Ligand design by a combinatorial approach based on modeling and experiment: application to HLA-​DR4

Combinatorial synthesis and large scale screening methods are being used increasingly in drug discovery, particularly for finding novel lead compds. Although these "random" methods sample larger areas of chem. space than traditional synthetic approaches, only a relatively small percentage of all possible compds. are practically accessible. It is therefore helpful to select regions of chem. space that have greater likelihood of yielding useful leads. When three-​dimensional structural data are available for the target mol. this can be achieved by applying structure-​based computational design methods to focus the combinatorial library.
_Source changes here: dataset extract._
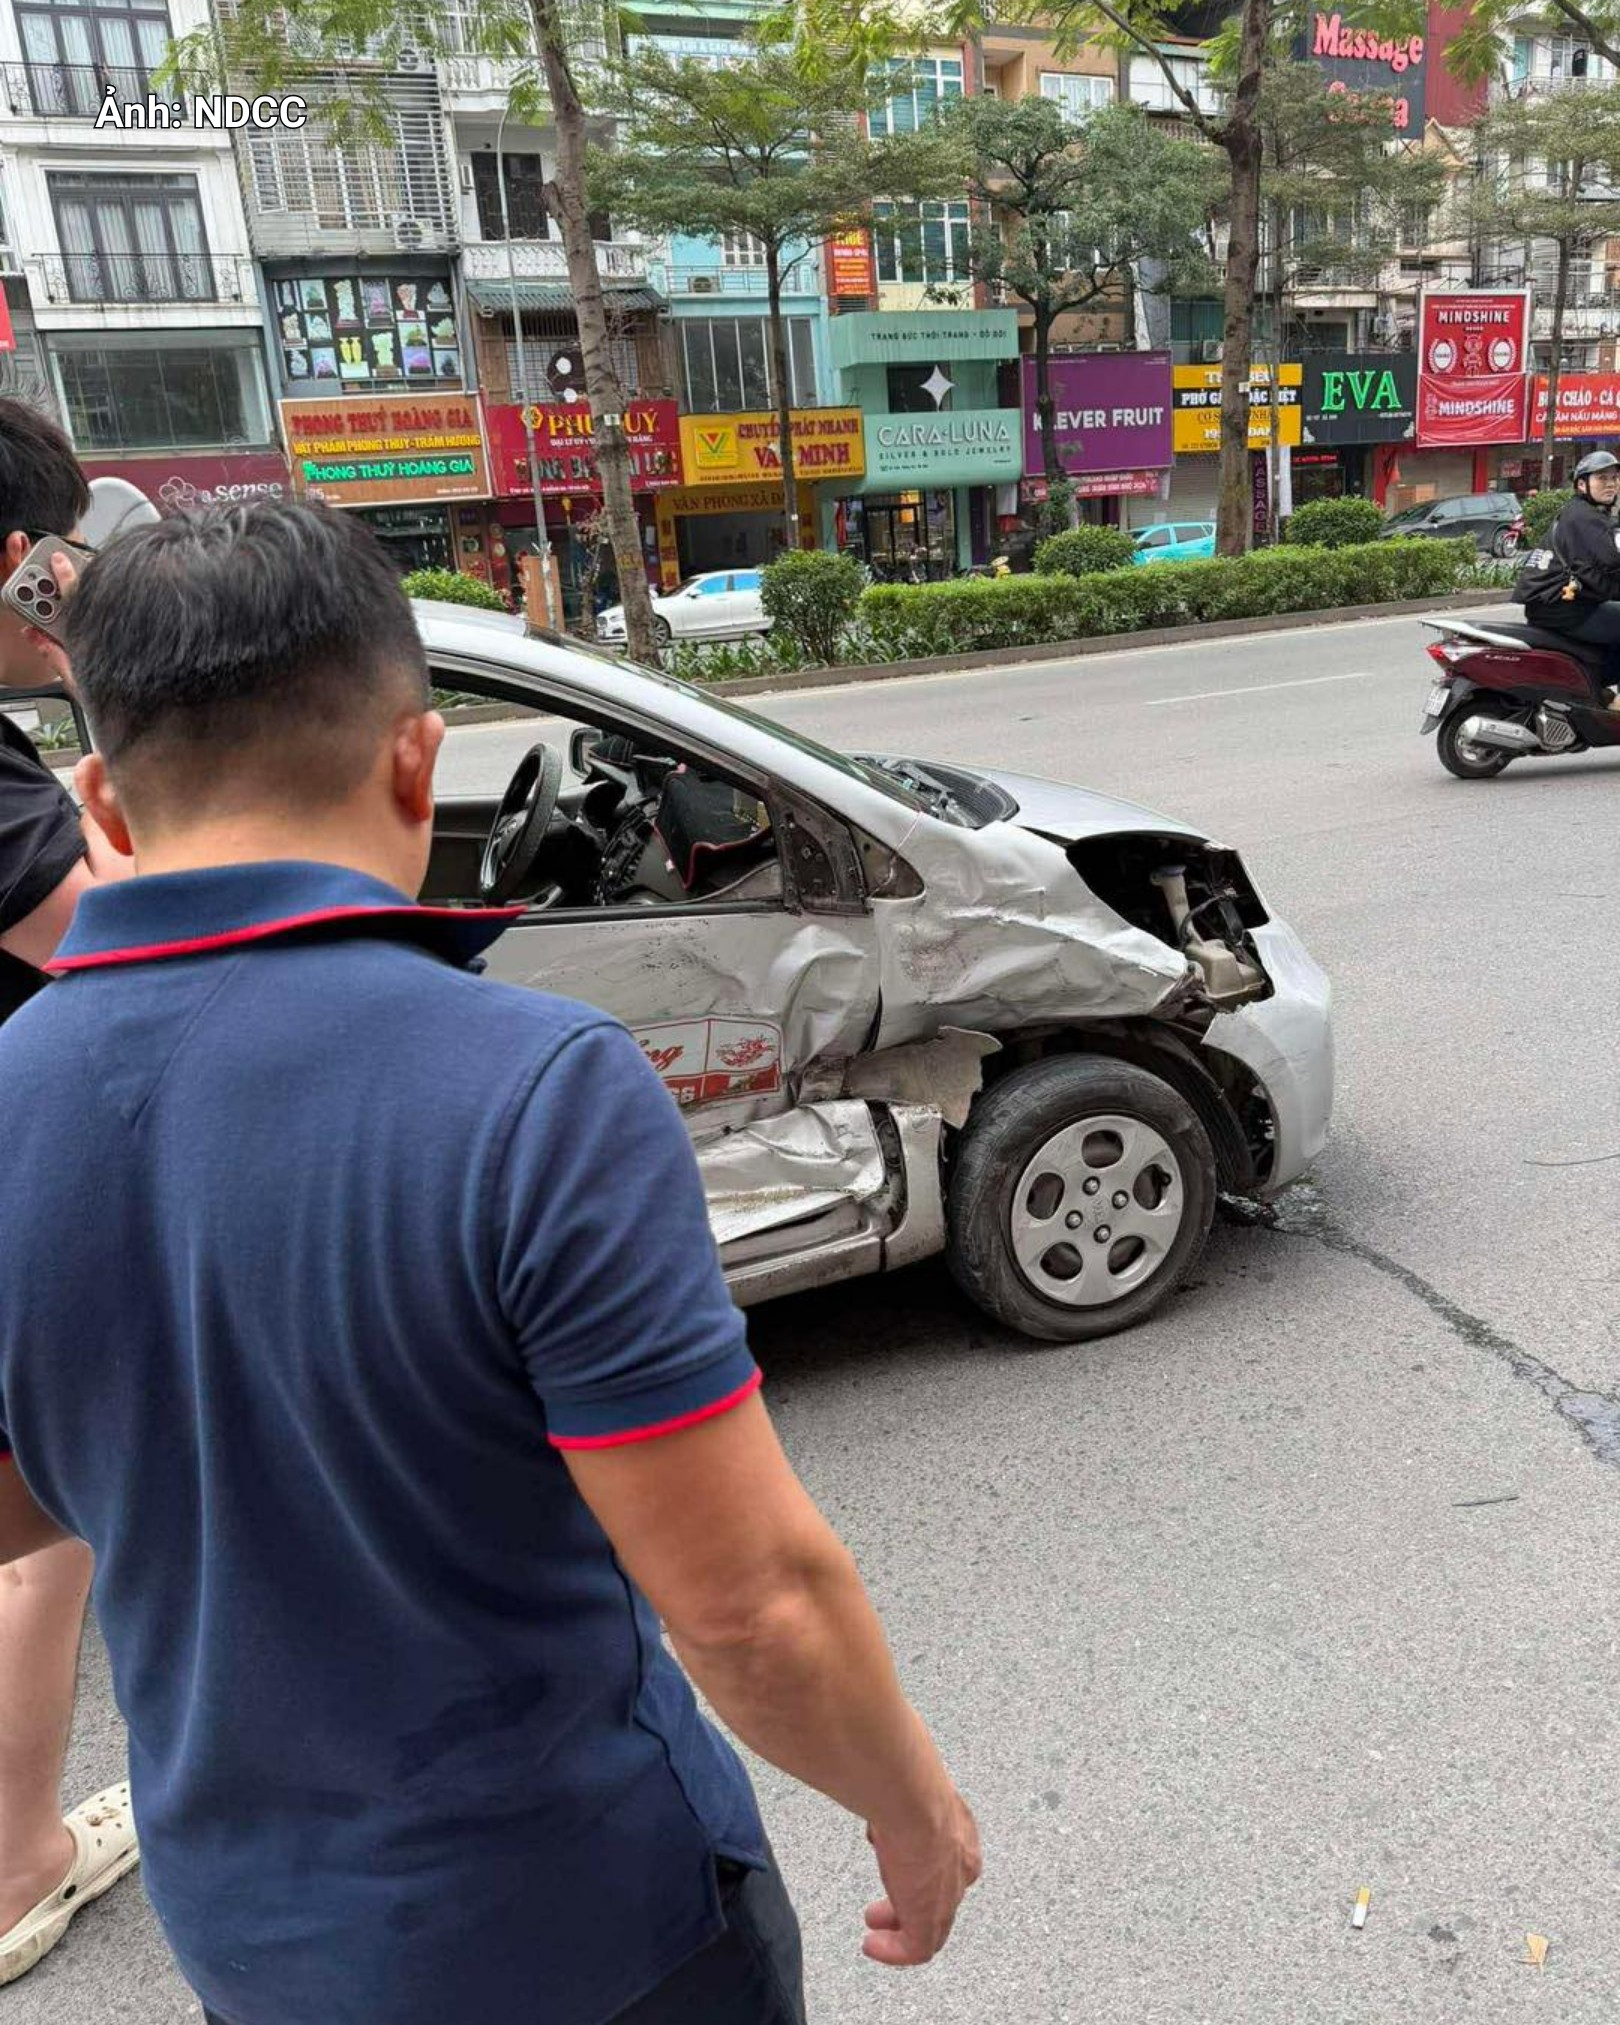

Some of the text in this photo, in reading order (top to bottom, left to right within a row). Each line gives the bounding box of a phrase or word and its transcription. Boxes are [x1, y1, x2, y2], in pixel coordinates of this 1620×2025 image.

This is advantageous over the std. usage of computational methods to design a small no. of specific novel ligands, because here computation is employed as part of the combinatorial design process and so is required only to det. a propensity for binding of certain chem. moieties in regions of the target mol. This paper describes the application of the Multiple Copy Simultaneous Search (MCSS) method, an active site mapping and de novo structure-​based design tool, to design a focused combinatorial library for the class II MHC protein HLA-​DR4. Methods for the synthesizing and screening the computationally designed library are presented; evidence is provided to show that binding was achieved. Although the structure of the protein-​ligand complex could not be detd., exptl. results including cross-​exclusion of a known HLA-​DR4 peptide ligand (HA) by a compd. from the library. Computational model building suggest that at least one of the ligands designed and identified by the methods described binds in a mode similar to that of native peptides.